ACTIVITY: Write out the listing below without alteration, omitting its pictures.

INPUT FOR THIS TASK:
··········
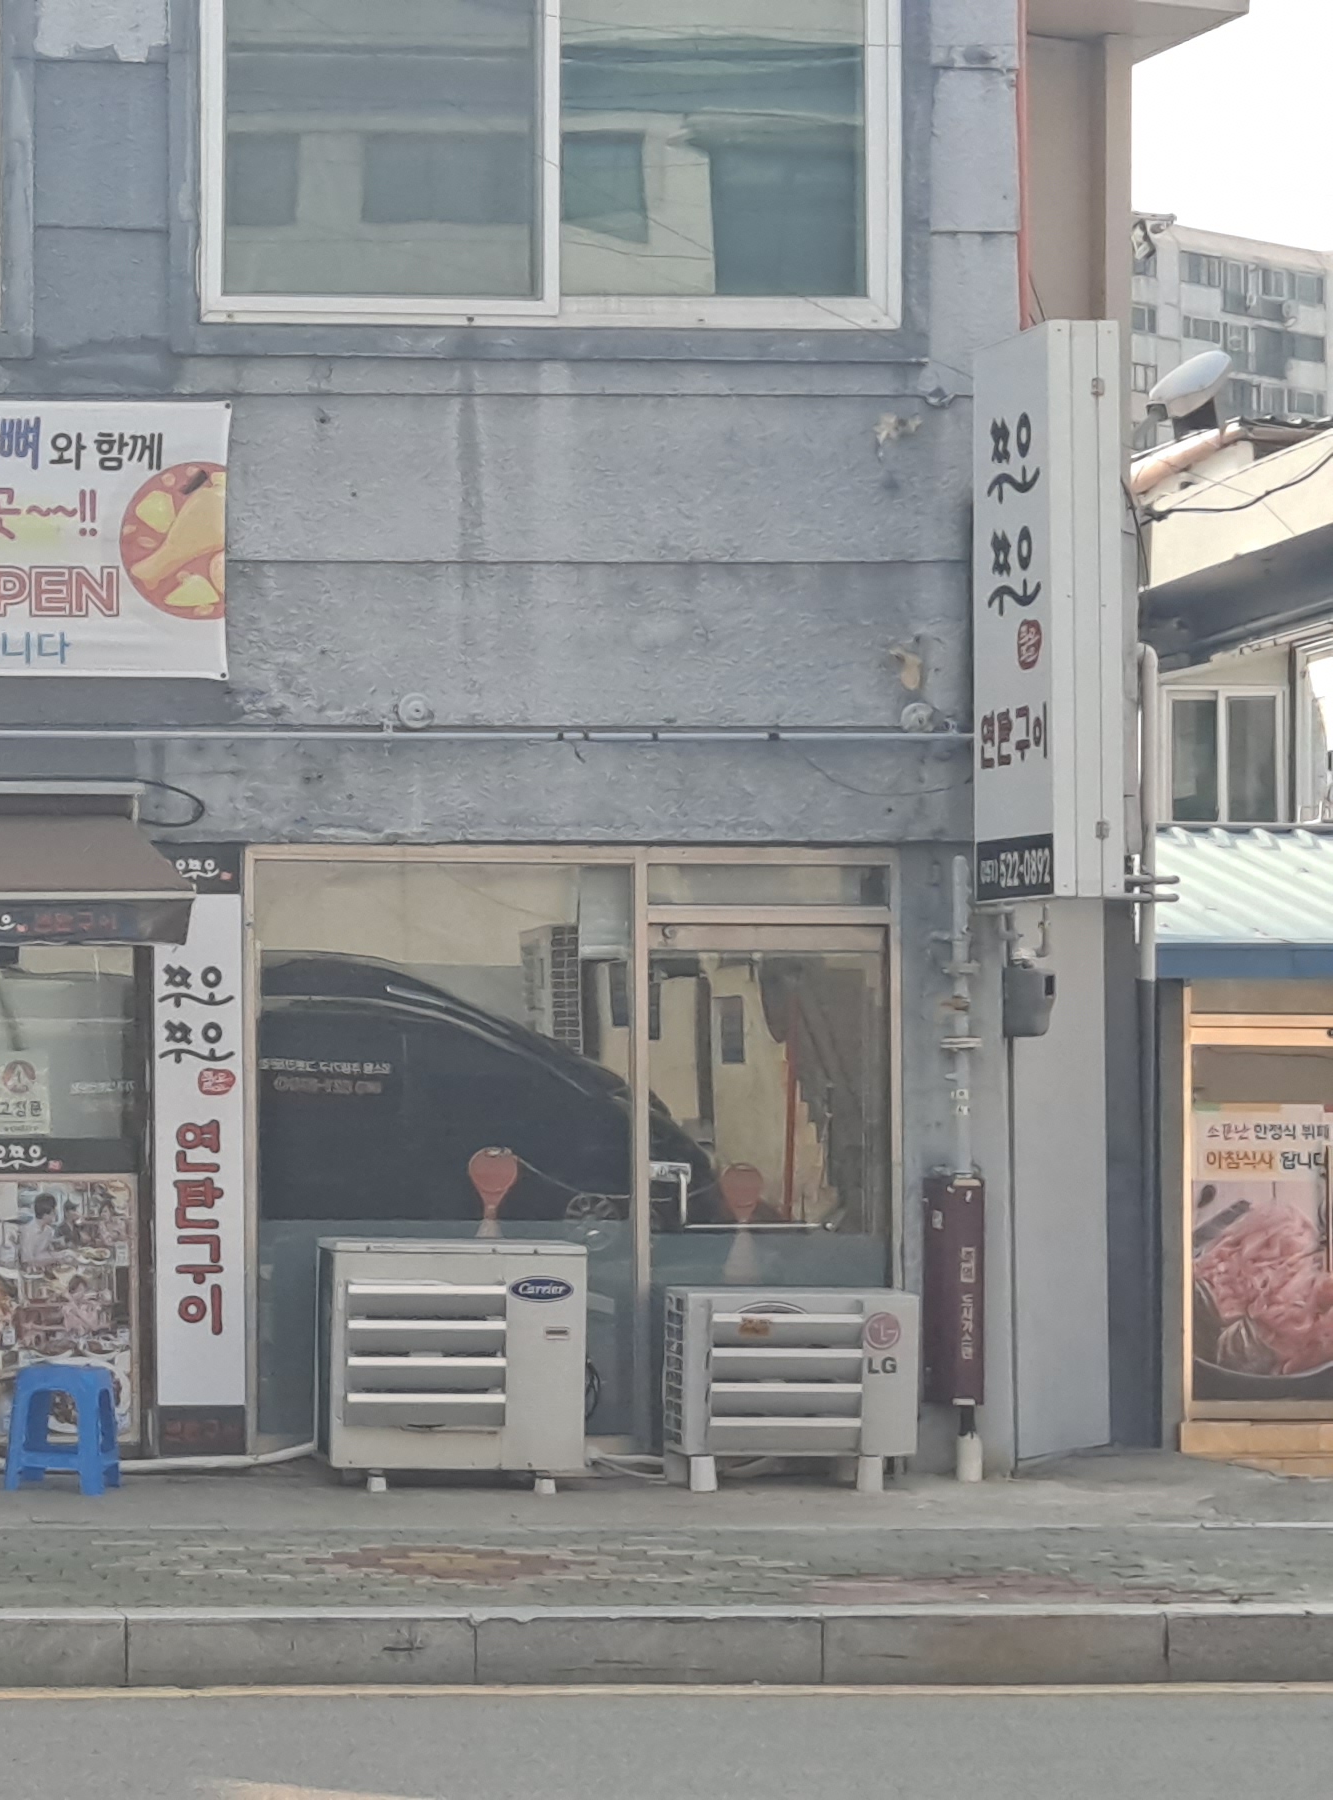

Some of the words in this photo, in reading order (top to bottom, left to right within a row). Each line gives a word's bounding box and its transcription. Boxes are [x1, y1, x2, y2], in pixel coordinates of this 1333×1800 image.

[49, 432, 86, 471] 와
[94, 432, 163, 471] 함께
[980, 701, 1048, 770] 연탄구이
[175, 858, 220, 880] 오쭈오
[1000, 847, 1051, 889] 522-0892
[1253, 1122, 1296, 1141] 한정식
[1206, 1150, 1274, 1169] 아침식사
[173, 1119, 224, 1336] 연탄구이
[518, 1281, 568, 1297] Carrier
[866, 1356, 897, 1375] LG
··········
WRITTEN ANSWER:
Some of the words in this photo, in reading order (top to bottom, left to right within a row). Each line gives a word's bounding box and its transcription. Boxes are [x1, y1, x2, y2], in pixel coordinates of this 1333×1800 image.

[49, 432, 86, 471] 와
[94, 432, 163, 471] 함께
[980, 701, 1048, 770] 연탄구이
[175, 858, 220, 880] 오쭈오
[1000, 847, 1051, 889] 522-0892
[1253, 1122, 1296, 1141] 한정식
[1206, 1150, 1274, 1169] 아침식사
[173, 1119, 224, 1336] 연탄구이
[518, 1281, 568, 1297] Carrier
[866, 1356, 897, 1375] LG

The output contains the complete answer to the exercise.